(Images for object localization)
§ §

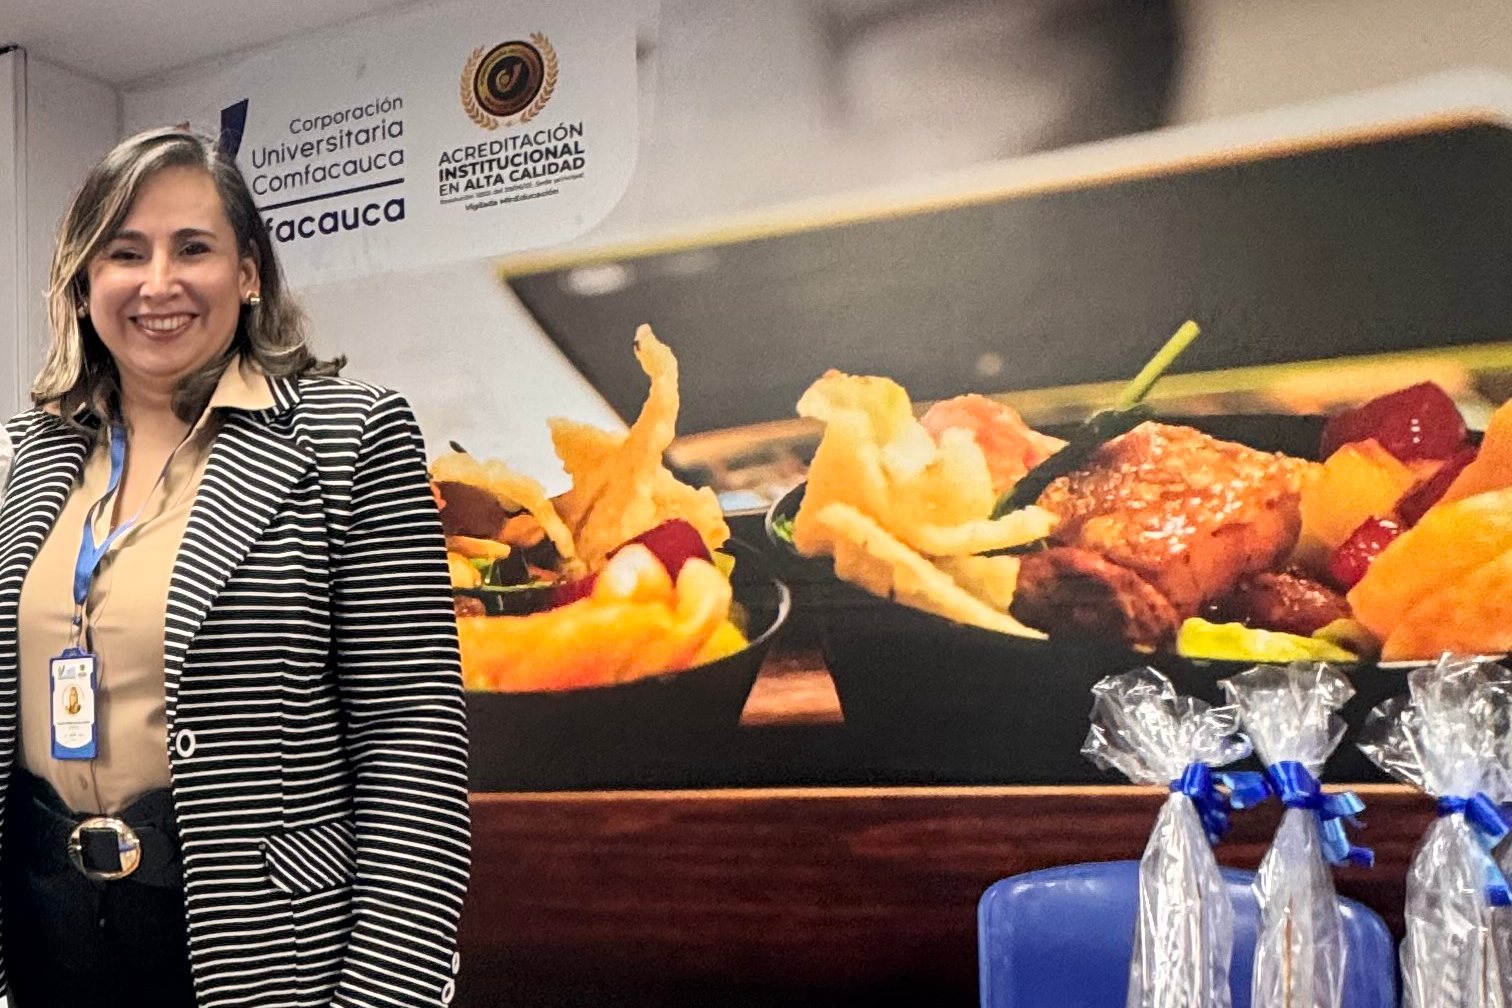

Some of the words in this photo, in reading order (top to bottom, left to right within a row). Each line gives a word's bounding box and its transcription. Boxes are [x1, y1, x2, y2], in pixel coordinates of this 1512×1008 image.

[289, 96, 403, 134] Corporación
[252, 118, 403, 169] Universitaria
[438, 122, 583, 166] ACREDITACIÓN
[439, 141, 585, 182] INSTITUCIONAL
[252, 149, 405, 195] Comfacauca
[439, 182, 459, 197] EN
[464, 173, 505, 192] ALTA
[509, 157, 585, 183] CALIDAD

§ §

* [Task item]:
Leave every image out and retype the entries above word for word.

* [Response to this exercise]:
Some of the words in this photo, in reading order (top to bottom, left to right within a row). Each line gives a word's bounding box and its transcription. Boxes are [x1, y1, x2, y2], in pixel coordinates of this 1512×1008 image.

[289, 96, 403, 134] Corporación
[252, 118, 403, 169] Universitaria
[438, 122, 583, 166] ACREDITACIÓN
[439, 141, 585, 182] INSTITUCIONAL
[252, 149, 405, 195] Comfacauca
[439, 182, 459, 197] EN
[464, 173, 505, 192] ALTA
[509, 157, 585, 183] CALIDAD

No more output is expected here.